Optimal paediatric femoral shaft fracture patterns or lengths amenable to titanium elastic nail stabilization have not been well defined. The purpose of this study is to identify radiographic parameters predictive of treatment failure with flexible intramedullary nails based upon fracture morphology.


A retrospective review was performed of all femoral shaft fractures treated with flexible intramedullary nails over a five-year period. All patients with at least six weeks of postoperative radiographic imaging were included. Fracture characteristics included location, pattern, length, obliquity, angulation, translation and shortening. Postoperative radiographs were reviewed to determine shortening and angulation.


There were 58 patients with 60 femoral shaft fractures stabilized with titanium nails, with 46 healing within acceptable parameters and 14 considered malunions. Six of the 14 malunions developed complications requiring early unplanned intervention. No patients in the treatment success group had a complication.
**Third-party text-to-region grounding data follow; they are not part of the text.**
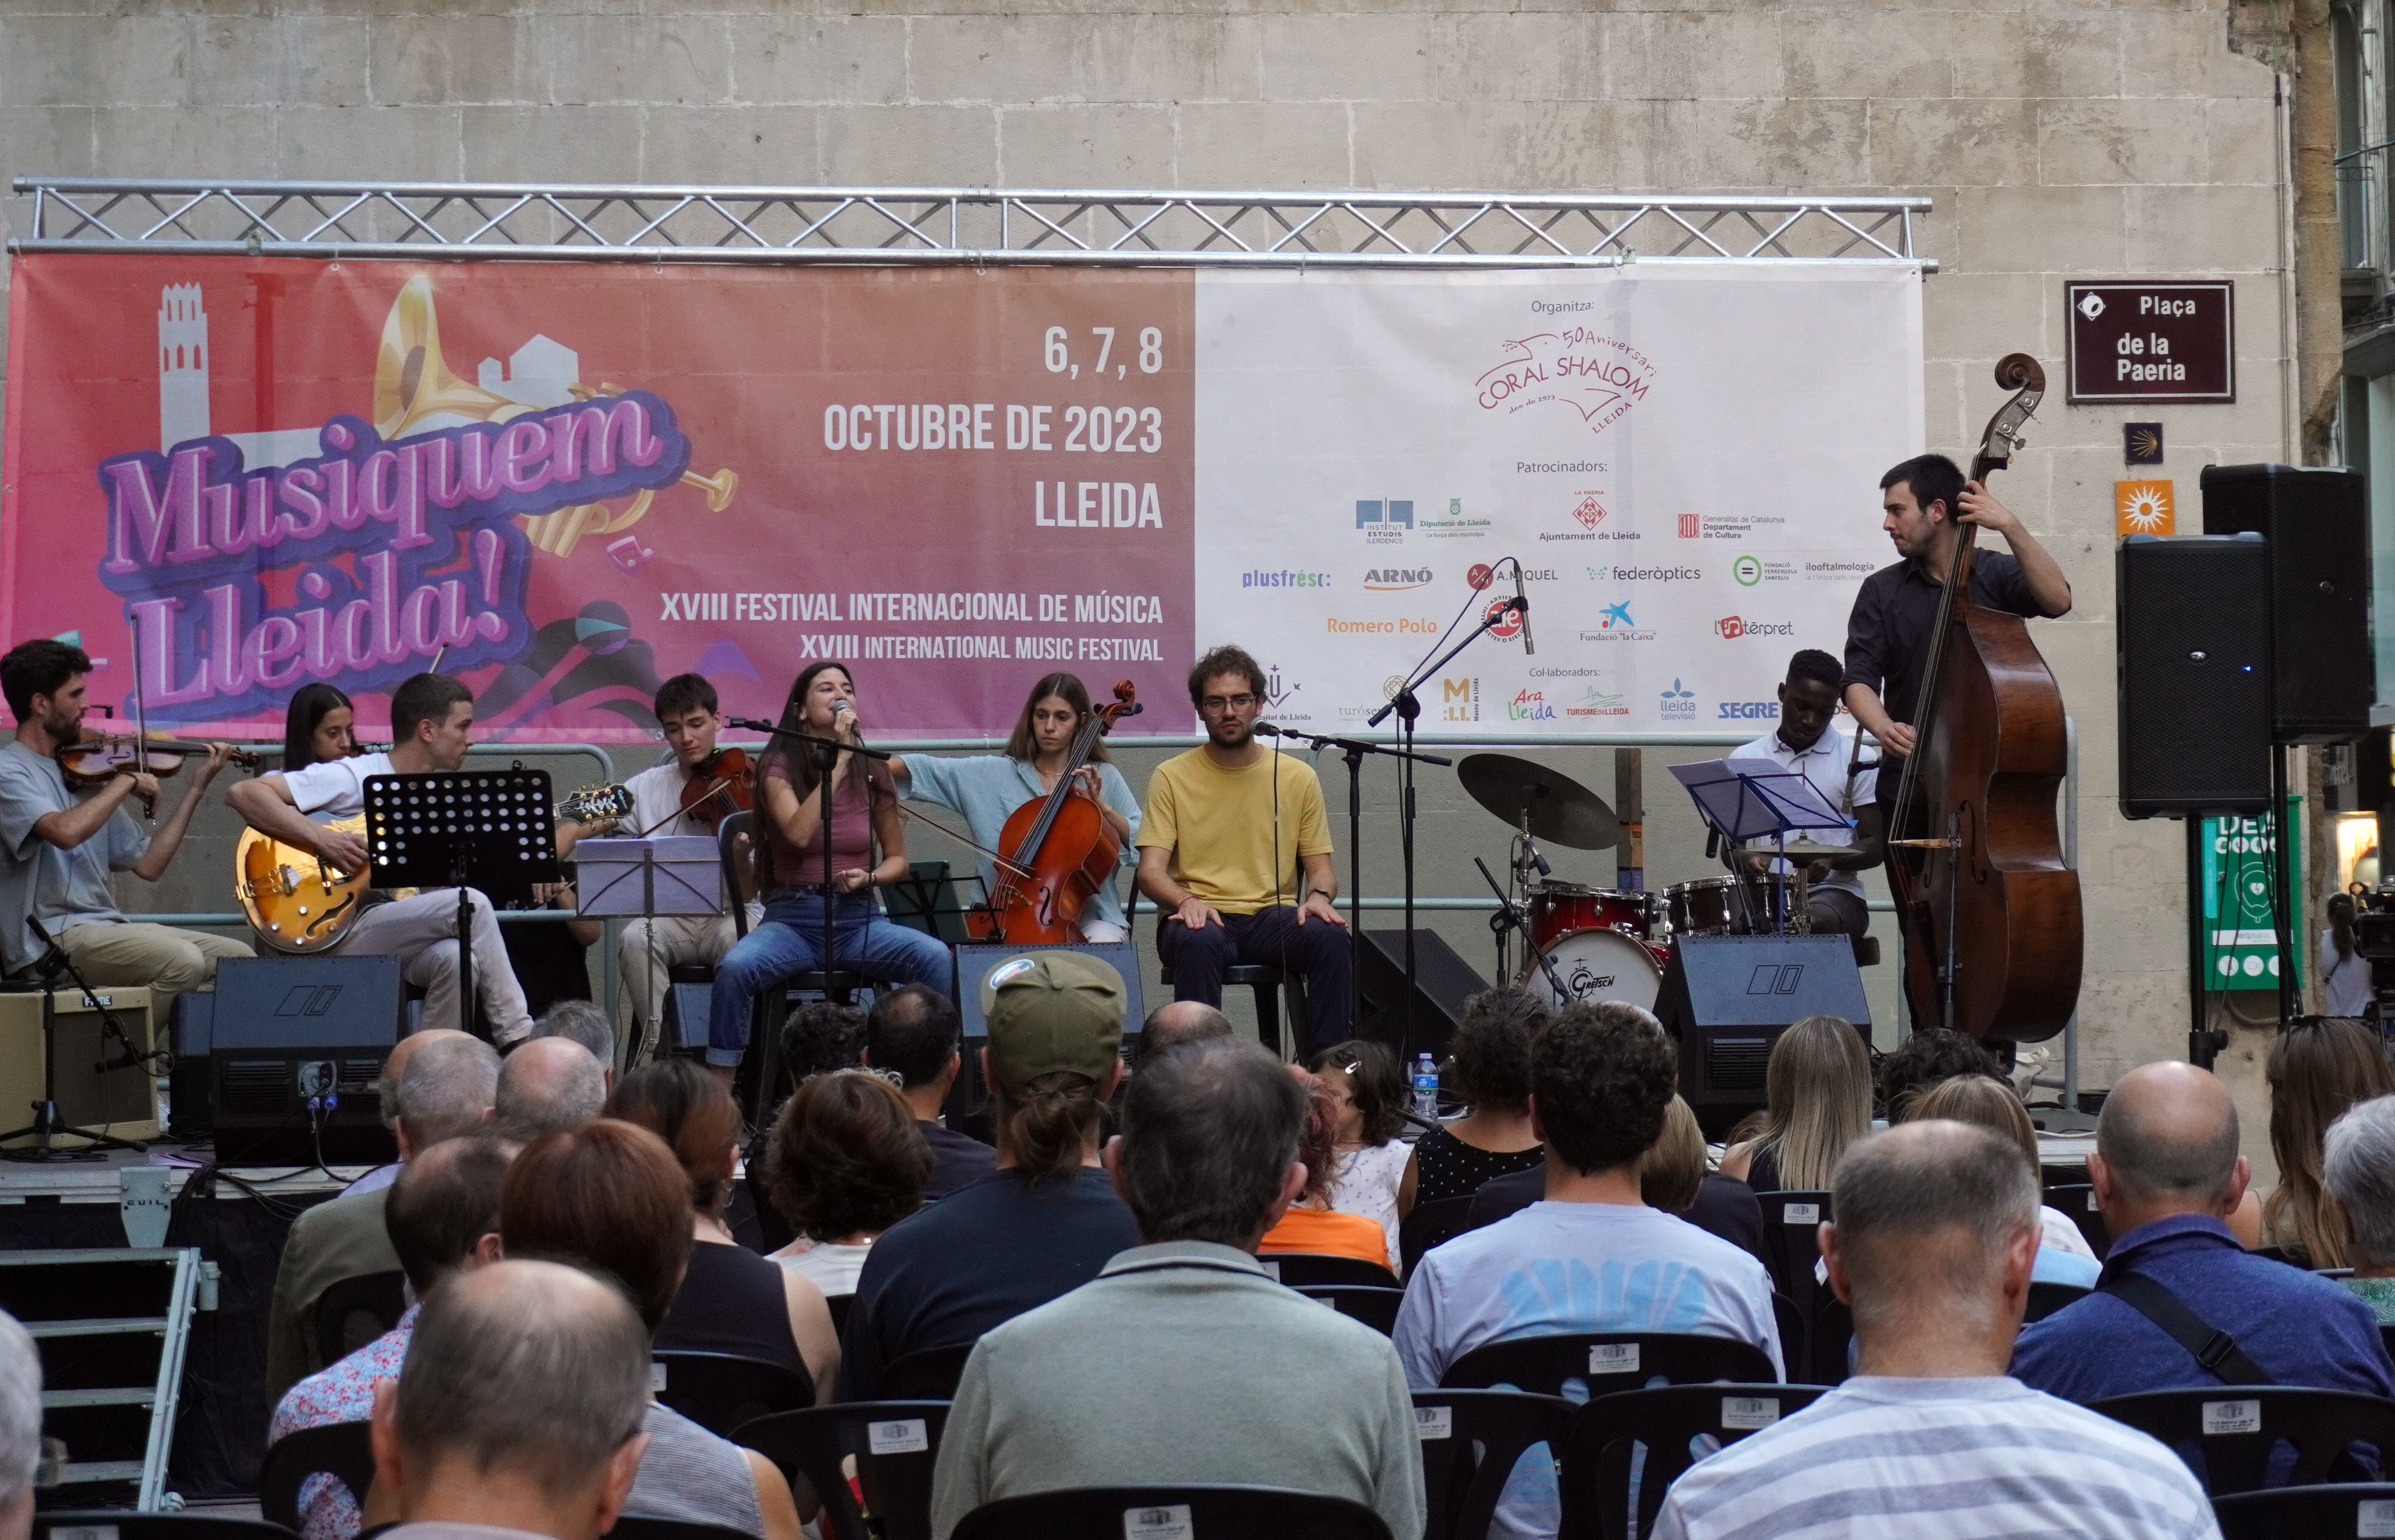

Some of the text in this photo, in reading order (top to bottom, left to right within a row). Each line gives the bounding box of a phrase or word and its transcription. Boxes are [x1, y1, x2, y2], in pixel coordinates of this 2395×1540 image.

[1532, 301, 1594, 315] Organitza:
[2141, 296, 2196, 317] Plaça
[1045, 326, 1163, 381] 6, 7, 8
[1563, 326, 1657, 378] 50 Aniversari
[2118, 332, 2169, 355] de la
[2118, 358, 2186, 381] Paeria
[1478, 356, 1650, 409] CORAL SHALOM
[825, 404, 1163, 453] OCTUBRE DE 2023
[1592, 402, 1633, 433] LLEIDA
[1517, 461, 1608, 473] Patrocinadors:
[105, 400, 663, 573] Musiquem
[1036, 482, 1163, 528] LLEIDA
[1420, 520, 1455, 528] Diputació
[1540, 532, 1595, 542] Ajuntament
[1613, 531, 1641, 540] Lleida
[1613, 566, 1701, 582] federòptics
[1806, 562, 1874, 572] ilooftalmologia
[661, 590, 1163, 623] XVIII FESTIVAL INTERNACIONAL DE MÚSICA
[133, 528, 508, 709] Lleida!
[1328, 617, 1437, 633] Romero Polo
[800, 635, 1164, 661] XVIII INTERNATIONAL MUSIC FESTIVAL
[1513, 688, 1544, 705] Ara
[1661, 700, 1696, 712] lleida
[1508, 701, 1558, 720] Lleida
[1661, 710, 1696, 720] televisió
[1718, 702, 1779, 719] SEGRE
[1572, 973, 1615, 1001] GRETSCH
Between the treatment success and failure groups, fracture pattern, location, length, obliquity, angulation, translation or shortening were not statistically different. Mean nail canal fill was significantly lower in the failure group (0.72 versus 0.81; p = 0.0146), with a receiver operating characteristic curve identifying canal fill 76% as the optimal threshold.


This is the first study to measure the length and obliquity of paediatric femoral shaft fractures and to determine their relationship to radiographic alignment after healing. None of the preoperative fracture characteristics were predictive of malalignment or shortening. We recommend the use of larger nail sizes in the treatment of paediatric femoral shaft fractures, especially if there is concern for residual instability.